With investors showing signs of life, venture capitalists call for government to stimulate economy by re-examining programs under its investment branch

Curt Cherewayko

As they emerge from their recession-induced hibernation, venture capitalists want the B.C. government to improve its own investment mechanisms so that the province is a highly visible target for investment when the markets fully rebound.

“We’re seeing good opportunities out there right now,” said Frank Holler, CEO and partner of BC Advantage Funds, which invests in early stage life science, technology and clean-technology companies in B.C.

“We’re seeing companies that have had 30% to 40% growth in revenue in the last year, and yet their [value] price is down by 30% to 40%.”

Spurred partly by that disconnect between performance and value, BC Advantage has invested roughly $4 million into three B.C. companies since last August.

It’s in the midst of closing the third deal, a $1.5 million investment into New Westminster’s In Motion Technology Inc., which builds mobile networks for work fleets.

Holler recalled BC Advantage’s experiences following the dot-com bust in 2001. Its life-sciences fund portfolio was largely built in the two years following the bust, and includes some of the company’s most successful investments, such as Aspreva Pharmaceuticals Corp. (now known as Vifor Pharma Ltd.).

“Some of the best portfolios are built in the aftermath of a market correction,” said Holler.

Nonetheless, Holler and other venture capitalists believe that the government’s venture capital corporations (VCCs) program and its other investment programs need some tweaking.

Under the VCCs program, investors in B.C.-based VCCs such as BC Advantage, Pender Growth Fund and WUTIF Captial Inc. receive a 30% refundable tax credit from the government on investments of up to $200,000 per year.

VCCs can allocate $10 million annually in tax credits to investors.

In 2008, the limit wasn’t an issue for the many venture capital corporations that failed to meet their allocation.

But with signs that the market is rebounding, Holler said that venture capitalists could be injecting more capital into the B.C. economy if the $10 million cap was raised or removed.

“We could have raised more money in the strong markets and then have more money to deploy now, when the markets are weaker, when there are all these great opportunities to invest in.”

Quebec is among the jurisdictions that have no cap, while Ontario, at the other end of the spectrum, recently dismantled one of its larger tax credit funds.

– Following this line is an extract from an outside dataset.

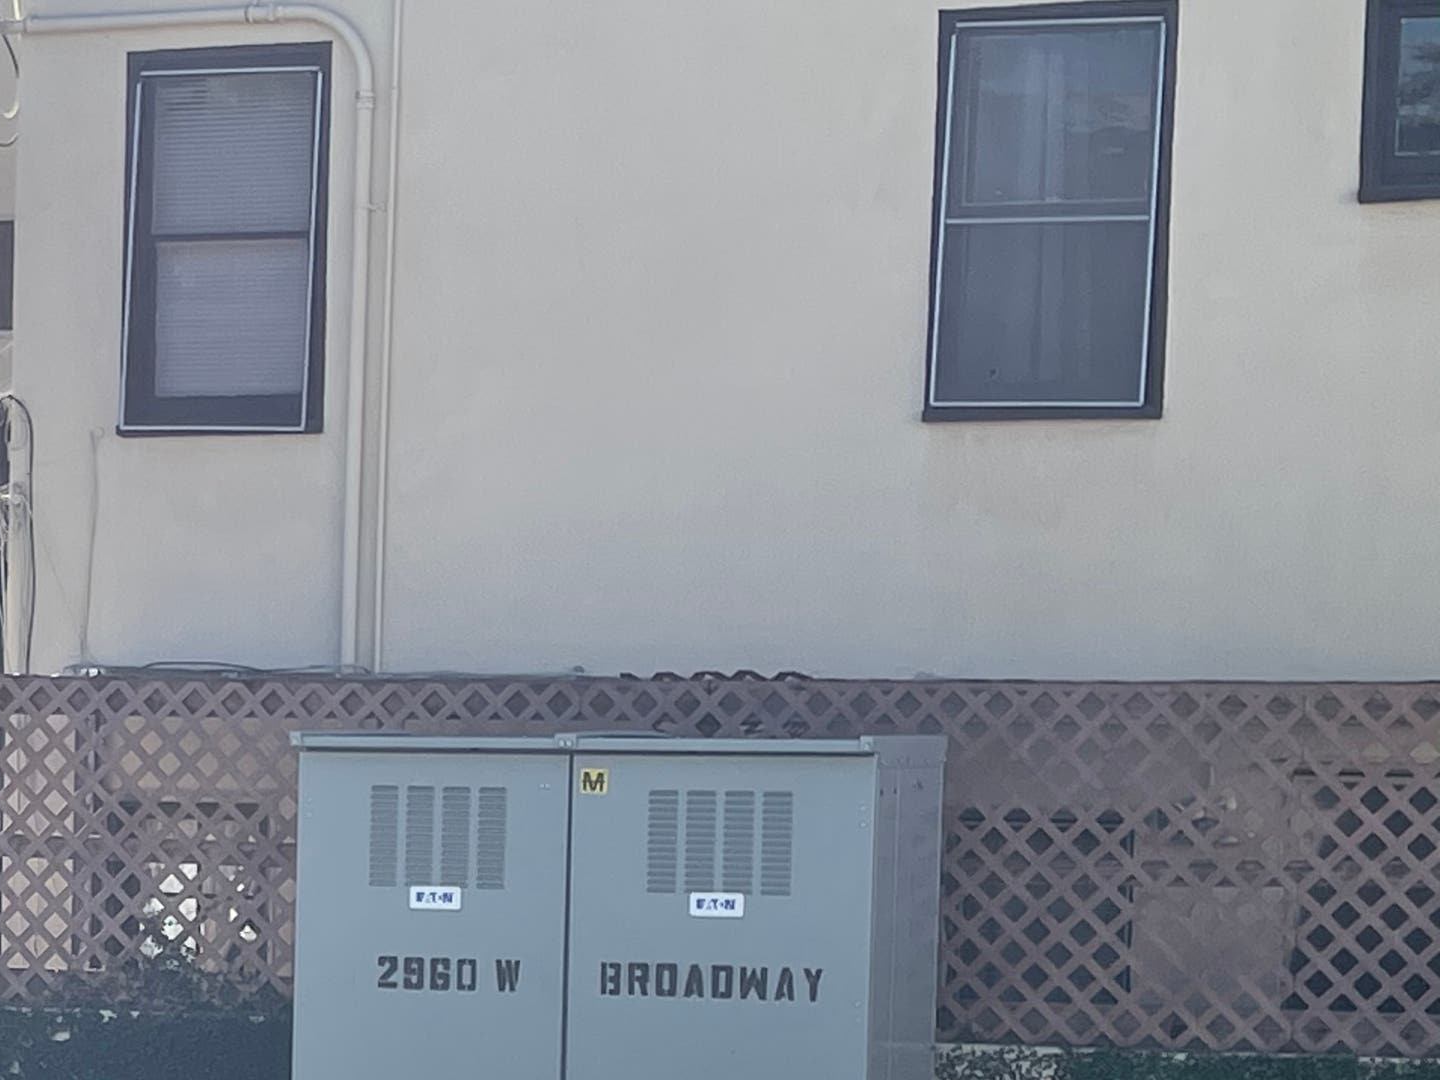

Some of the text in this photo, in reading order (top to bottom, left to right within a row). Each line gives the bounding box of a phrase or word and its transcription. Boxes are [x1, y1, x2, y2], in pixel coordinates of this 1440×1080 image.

[582, 771, 606, 792] M
[377, 956, 823, 1002] 2960 W BROADWAY

Harry Jaako, president of BC Discovery Funds Inc., echoed Holler’s sentiments: “The way the markets should work is that when investor appetite is out there, you should be able to raise as much as the market is interested in investing with you.”

Both BC Discovery and BC Advantage have met their tax credit allocation nearly every year since 2003, with 2008 being the exception.

While BC Advantage is on the lookout for deals, BC Discovery will likely use the 15% that remains in its $60 million fund to top up the working capital of some of the 15 companies in its existing portfolio.

The B.C. government restructured the VCC program last June, creating an additional $16 million pool that VCCs can access once they’ve met their $10 million allocation.

The VCCs can access the additional capital on a “first-come, first-served” basis, which places more emphasis on company performance as an investment criterion – a criterion favoured by VCCs – than on the government’s idea of which sectors should be supported.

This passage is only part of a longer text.